¡Bartolomé Leal al habla! Blog de novela policial y negra
Como seguramente muchos seguidores de este blog saben, Sherlock Holmes es el mítico detective creado por el escritor escocés Arthur Conan Doyle, protagonista de 4 novelas: Estudio en escarlata (1887), El signo de los cuatro (1890), El sabueso de los Baskerville (1901–1902) y El valle del terror (1914–1915). A las novelas se agregan 56 cuentos (compilados en 5 libros), publicados entre 1887 y 1927, los que constituyen el llamado “Canon”. Agreguemos 12 relatos escritos por su hijo Adrian Conan Doyle con la ayuda de John Dickson Carr, sobre la base de bosquejos dejados por Sir Arthur o menciones en otras obras. Ahí nos vamos a quedar pues, sin tomar en cuenta a los copiones que han seguido sacando historias apócrifas de Holmes con la complicidad, tal vez rentable aunque inmoral, de editores vivillos.
La información sale en la Enciclopedia Sherlockiana, libro de consulta imprescindible. También existe una biografía del sabueso londinense, Sherlock Holmes, de Baker Street, por William S. Baring-Gould (1995). El autor buscó información a fin de establecer los elementos reales que contribuyeron a la creación del personaje. Sherlock Holmes habría nacido el 6 de enero de 1854, el tercer y último hijo de Siger y Violet Holmes, de Yorkshire. Desde niño viajó por Europa, aprendiendo seis idiomas. Fue buen alumno de colegios de calidad y en 1872 fue aceptado en la Universidad de Oxford. Decidió entonces auto entrenarse para ser detective privado y pronto se comenzó a ocupar de casos criminales. Excepto por un período en el cual se dedicó a la actuación, prosiguió su carrera hasta hacerse famoso gracias a los escritos de su amigo, el Dr. Watson.
La biografía contiene más datos que los señalados por Watson, ya que habla del modelo que uso Sir Arthur para crear a su detective (el profesor Joseph Bell), su conflicto con el infame Dr. Moriarty, su peligroso encuentro con Jack el Destripador, y su relación con el amor de su vida, Irene Adler.
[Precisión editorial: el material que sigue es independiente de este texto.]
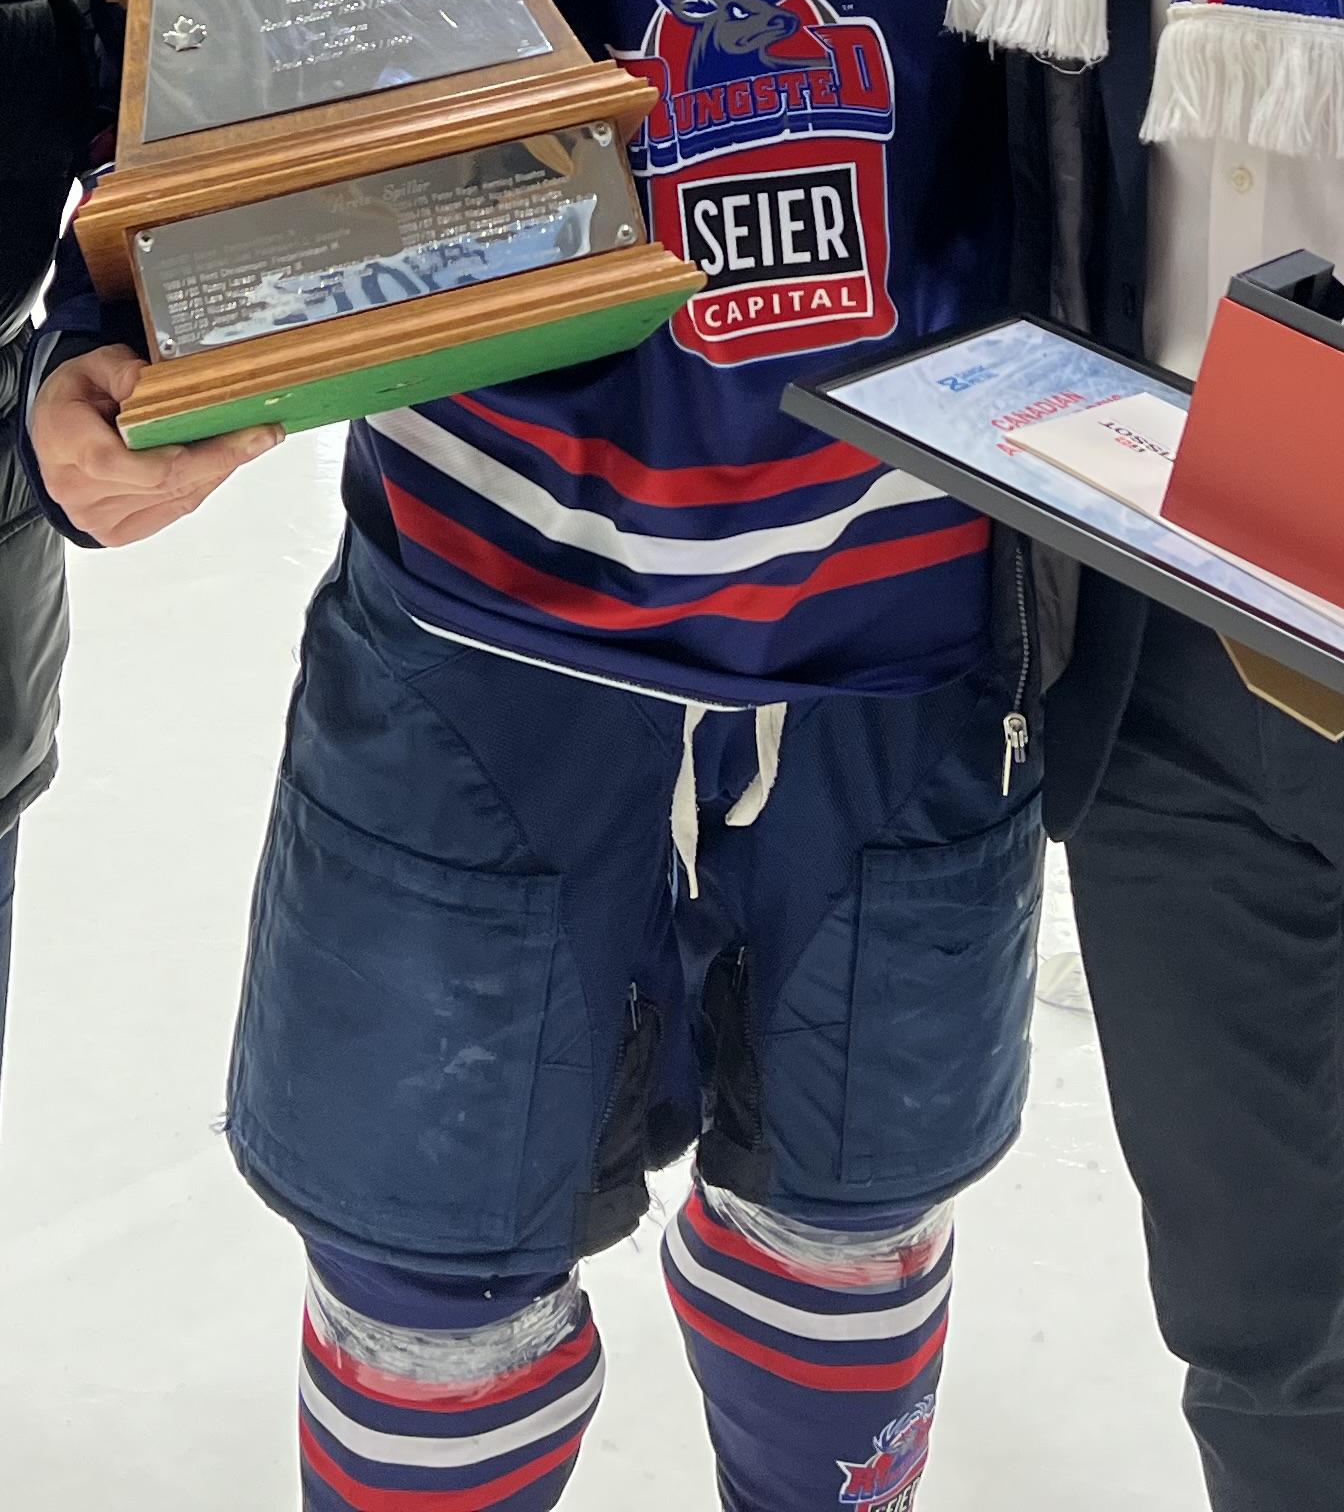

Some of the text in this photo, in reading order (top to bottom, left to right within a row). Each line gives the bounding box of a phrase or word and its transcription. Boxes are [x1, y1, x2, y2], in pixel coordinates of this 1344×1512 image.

[693, 186, 849, 276] SEIER
[705, 286, 857, 328] CAPITAL
[991, 390, 1088, 432] CANADIAN
Además, analiza la figura de su hermano el genial Mycroft Holmes, el enigma de su propio hijo, su adicción al opio, la historia de su retiro a Sussex, la escritura de su libro sobre cría de abejas, las circunstancias de su muerte y resurrección (a pedido de los lectores). Sin duda, una original investigación.
El libro de los récords de Guinness señala que Sherlock Holmes es el personaje más interpretado en la historia del cine, con arriba de 70 actores en sobre 200 filmes, desde 1900 hasta la fecha, ya que sigue siendo materia de películas para la pantalla grande y la televisión. Más atrás viene Jesucristo, el protagonista de los “Evangelios”. Como dato curioso, señalemos que la famosa frase “Elemental, mi querido Watson” no aparece en ninguna de las narraciones originales de Conan Doyle, sino en el cuento “La aventura de la viuda roja”, escrita por su hijo Adrian a partir de un apunte de su padre.
Los buenos libreros de viejo pueden ofrecer variopintas ediciones de las novelas y los cuentos, a buen precio. Existen incluso ediciones chilenas que suelen ocupar los cajones de ofertas. Nadie que se manifieste amante del género policial puede dejar de leer a este personaje encantador, complejo y sencillo a la vez, que es sin duda el más grande detective privado de todos los tiempos; o al menos, el modelo en que se inspiran tantos otros maravillosos sabuesos literarios, de Hércules Poirot al comisario Maigret, del agente de la Continental a Phillip Marlowe, de Carvalho a Heredia.